Stored records:
━━━━━━━━━━━━━━━━━━━━━━━━━━━━━━

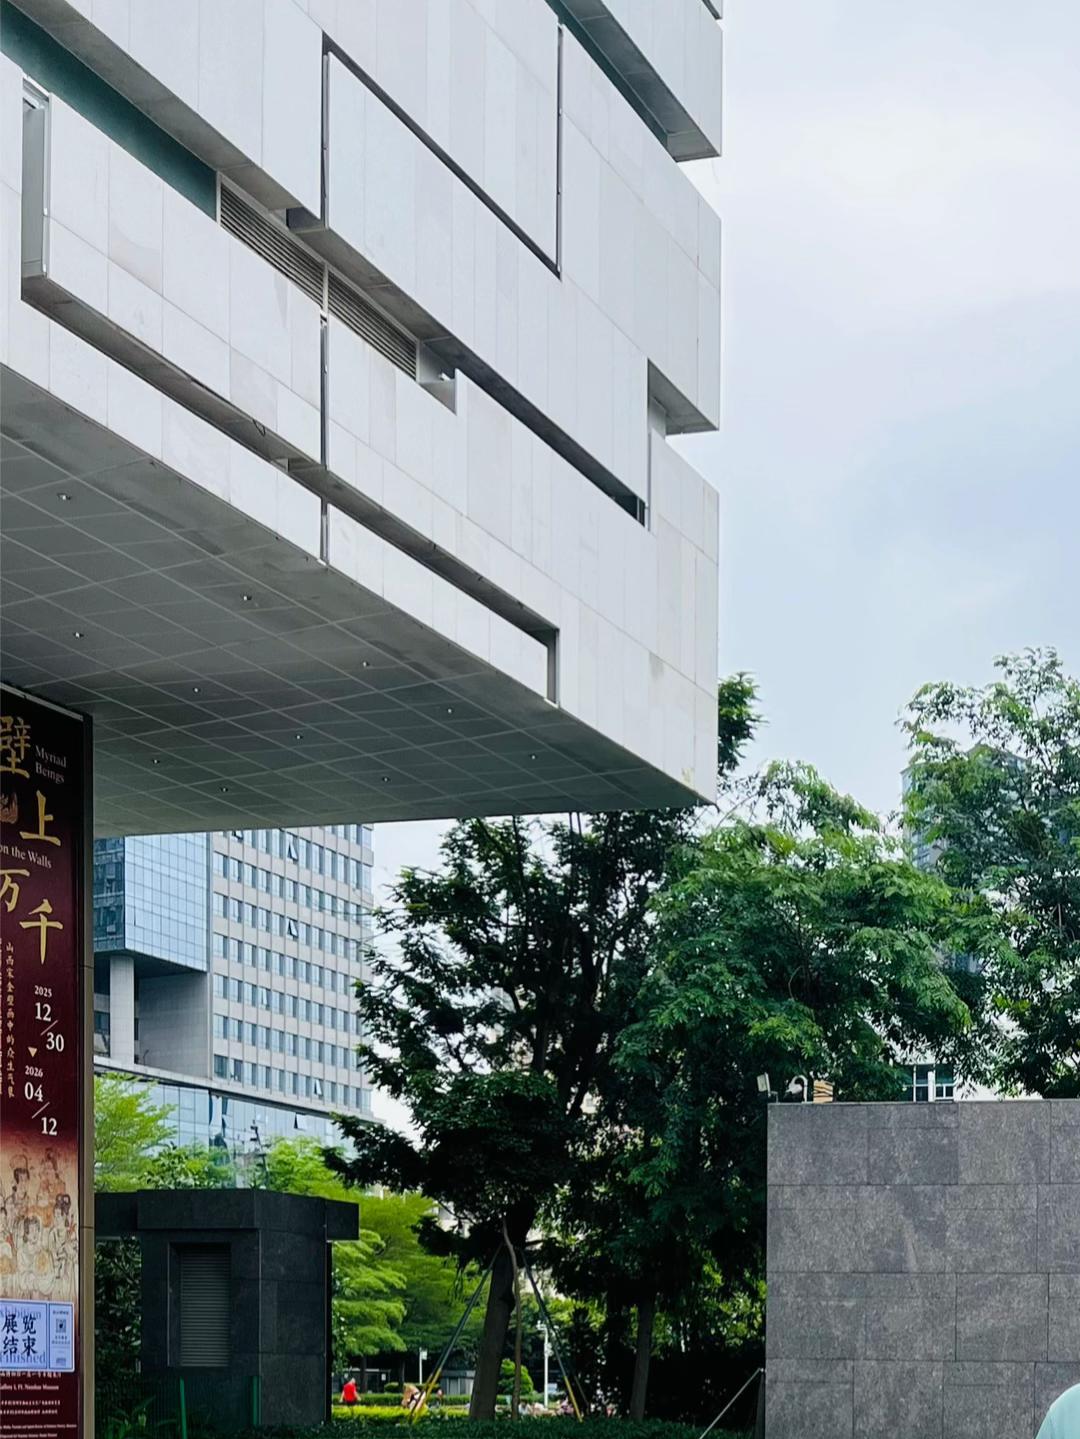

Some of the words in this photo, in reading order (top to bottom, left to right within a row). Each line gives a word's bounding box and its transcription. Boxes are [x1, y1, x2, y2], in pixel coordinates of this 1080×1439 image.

[35, 745, 67, 769] Myriad
[35, 762, 65, 784] Beings
[20, 790, 61, 847] 上
[11, 846, 26, 860] the
[27, 850, 52, 869] Walls
[0, 869, 30, 913] 万
[20, 899, 63, 966] 千
[34, 985, 52, 998] 2025
[25, 1065, 43, 1078] 2026
[2, 1313, 38, 1335] 展览
[2, 1335, 38, 1357] 结束
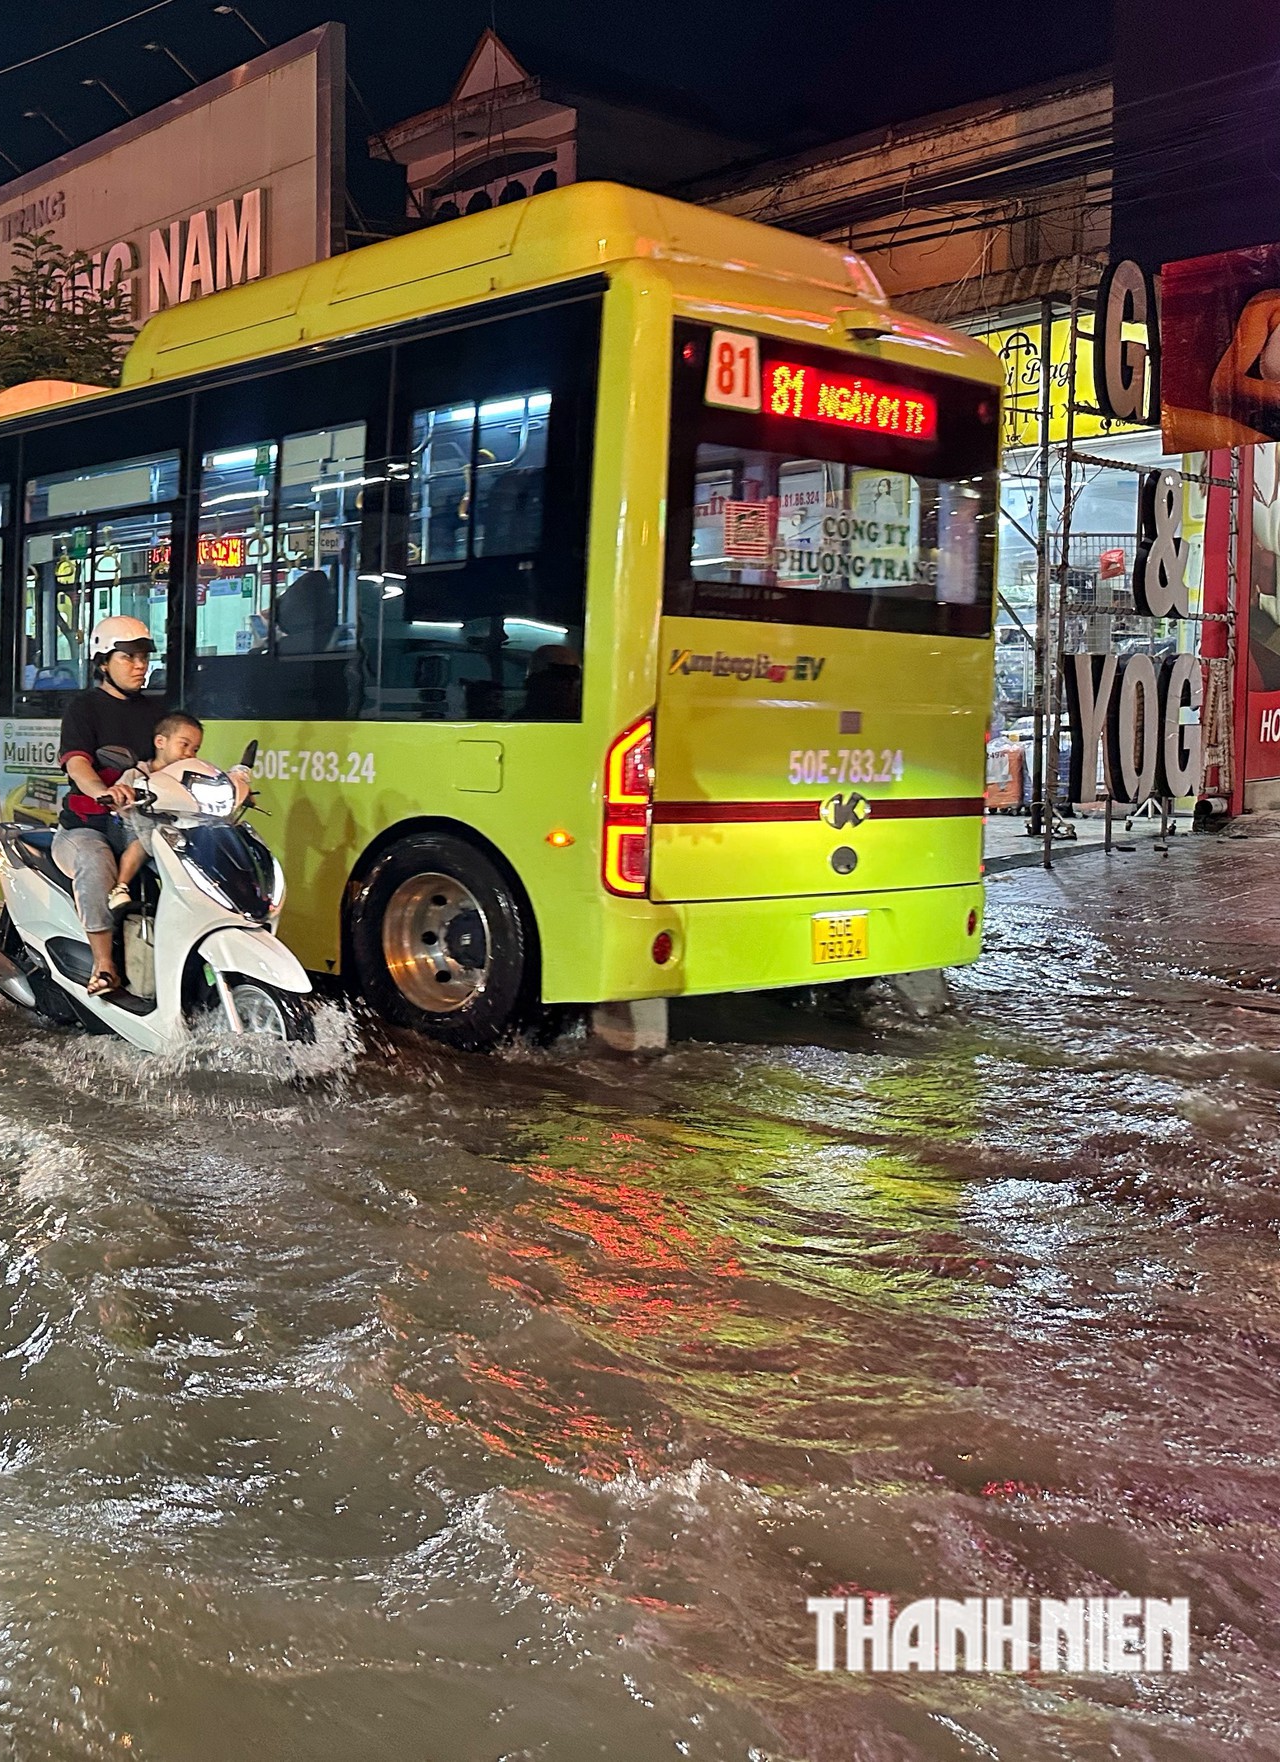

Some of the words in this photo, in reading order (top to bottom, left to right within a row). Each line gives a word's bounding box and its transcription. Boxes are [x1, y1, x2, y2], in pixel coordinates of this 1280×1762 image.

[149, 188, 261, 313] NAM
[1104, 260, 1161, 421] G
[717, 342, 751, 397] 81
[771, 366, 806, 417] 81
[822, 511, 879, 543] CÔNG
[884, 523, 910, 546] TY
[1143, 469, 1189, 618] &
[870, 556, 938, 585] TRANG
[4, 741, 60, 763] MultiG
[253, 750, 376, 784] 50E-783.24
[788, 749, 903, 785] 50E-783.24

━━━━━━━━━━━━━━━━━━━━━━━━━━━━━━

PROBLEM TO SOLVE:
Quote every record above exactly, omitting any pictures they contain.

THE COMPLETED TASK:
Some of the words in this photo, in reading order (top to bottom, left to right within a row). Each line gives a word's bounding box and its transcription. Boxes are [x1, y1, x2, y2], in pixel coordinates of this 1080×1439 image.

[35, 745, 67, 769] Myriad
[35, 762, 65, 784] Beings
[20, 790, 61, 847] 上
[11, 846, 26, 860] the
[27, 850, 52, 869] Walls
[0, 869, 30, 913] 万
[20, 899, 63, 966] 千
[34, 985, 52, 998] 2025
[25, 1065, 43, 1078] 2026
[2, 1313, 38, 1335] 展览
[2, 1335, 38, 1357] 结束

Some of the words in this photo, in reading order (top to bottom, left to right within a row). Each line gives a word's bounding box and its transcription. Boxes are [x1, y1, x2, y2], in pixel coordinates of this 1280×1762 image.

[149, 188, 261, 313] NAM
[1104, 260, 1161, 421] G
[717, 342, 751, 397] 81
[771, 366, 806, 417] 81
[822, 511, 879, 543] CÔNG
[884, 523, 910, 546] TY
[1143, 469, 1189, 618] &
[870, 556, 938, 585] TRANG
[4, 741, 60, 763] MultiG
[253, 750, 376, 784] 50E-783.24
[788, 749, 903, 785] 50E-783.24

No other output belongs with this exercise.